Irrespective of what Djokovic may achieve in future as a tennis player, for him there will not be a more meaningful moment. In an encounter in which the world expected the Serb to deliver his greatest and defining performance, the Russian completely stifled Djokovic, reducing him to the role of fellow traveller in his personal journey to fame, the Russian’s first major singles tennis title. A new Czar has been crowned and the manner of his victory suggests strongly that it will be the first of many more.

The Chinese, traditionally, identify each year by assigning to each calendar period an animal; so we have the year of the Boar, the year of the Dog and so on. The current year, I believe, is the year of the Rat. However, In the Tennis world, 2021 seemed destined to be the year of the Djoker, set to culminate with the men’s singles title at Flushing Meadows, adding to the Australian, French and the Wimbledon titles, accumulated by him in the last eight months. The only blemish in an otherwise triumphant journey was at the Tokyo Olympics, when an inspired Zverev relegated Djokovic to a Bronze with victory in the semi-final and marched on to claim Gold. Fittingly, Djokovic avenged that defeat at the semi-final at Flushing Meadows by grinding out a win against Zverev in a gruelling five setter. In retrospect it would appear that when he entered the arena 48 hours later, for the most significant match of his storied career, the Serb’s tank was not quite full. Perhaps the Tokyo loss was also a portent, that the master mechanic of tennis was beginning to lose his aura of invincibility, as has already happened to Federer and Nadal who, together with Djokovic, have dominated men’s Tennis of the last two decades.

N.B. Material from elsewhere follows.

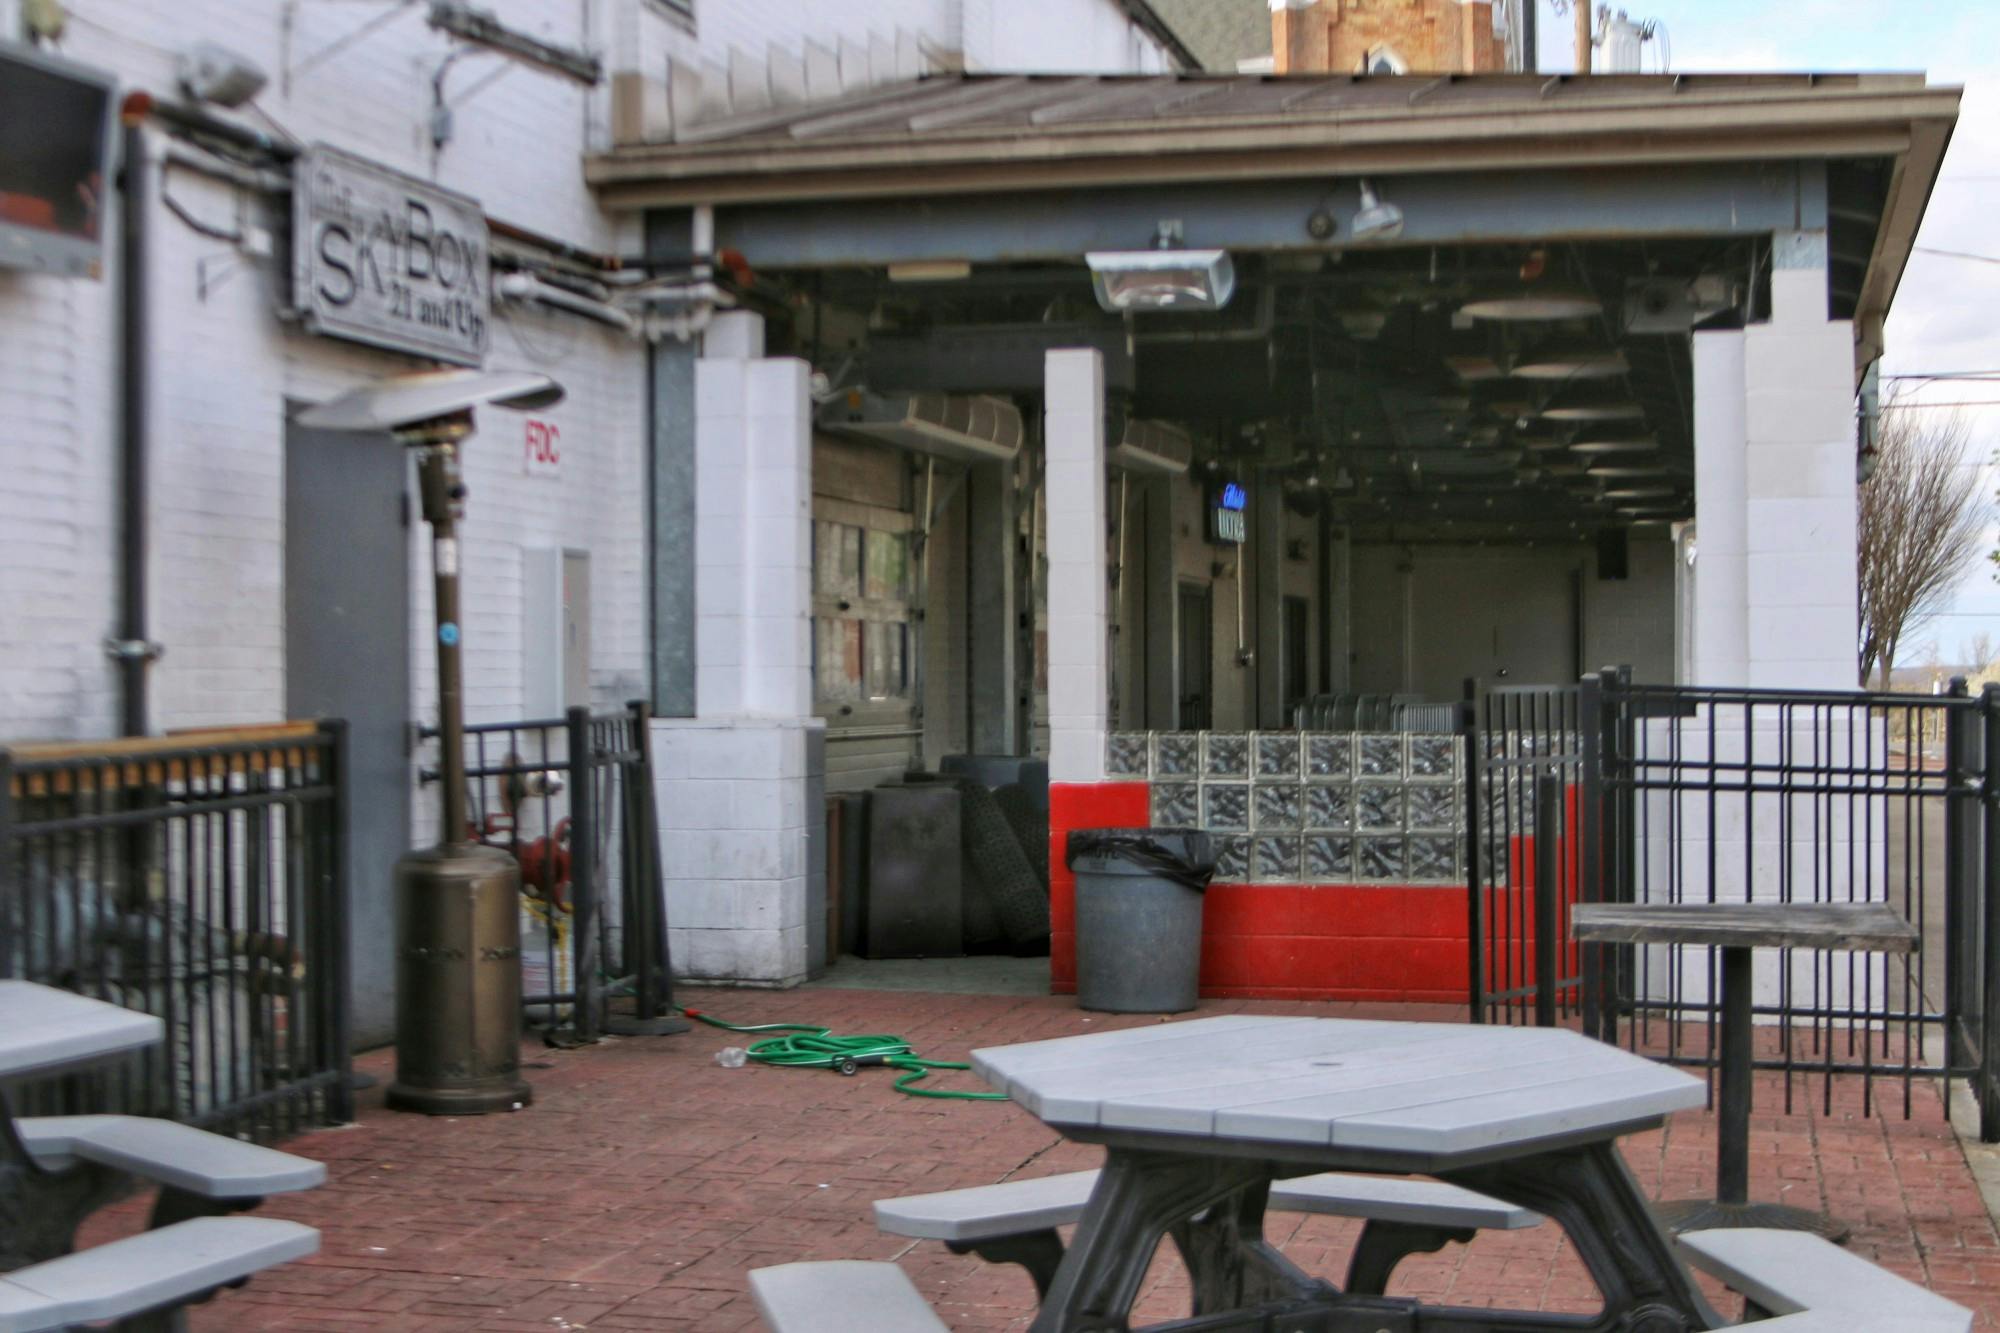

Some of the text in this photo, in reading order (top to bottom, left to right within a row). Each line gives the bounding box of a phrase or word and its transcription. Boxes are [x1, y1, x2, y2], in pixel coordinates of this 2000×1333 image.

[391, 280, 485, 347] 21 and Up
[525, 419, 561, 465] FDC

Djokovic’s loss will continue to be analyzed by Tennis pundits for years to come. How did one of the world’s most ruthlessly determined players and unarguably its technically most competent, lose the most important match of his career, that which would have set him, forever, above Nadal and Federer? Notwithstanding the mighty achievements of those two, the 2021 US Open trophy in Djokovic’s hands would have symbolized the Holy Grail of Tennis, the Majors’ Singles Grand Slam in the same calendar year. Djokovic now joins two other greats of the open era, Martina Navratilova and Serena Williams, who also fell at the last hurdle, in 1984 and 2015 respectively. It is most unlikely that Djokovic will have another opportunity. The realist in him will understand that.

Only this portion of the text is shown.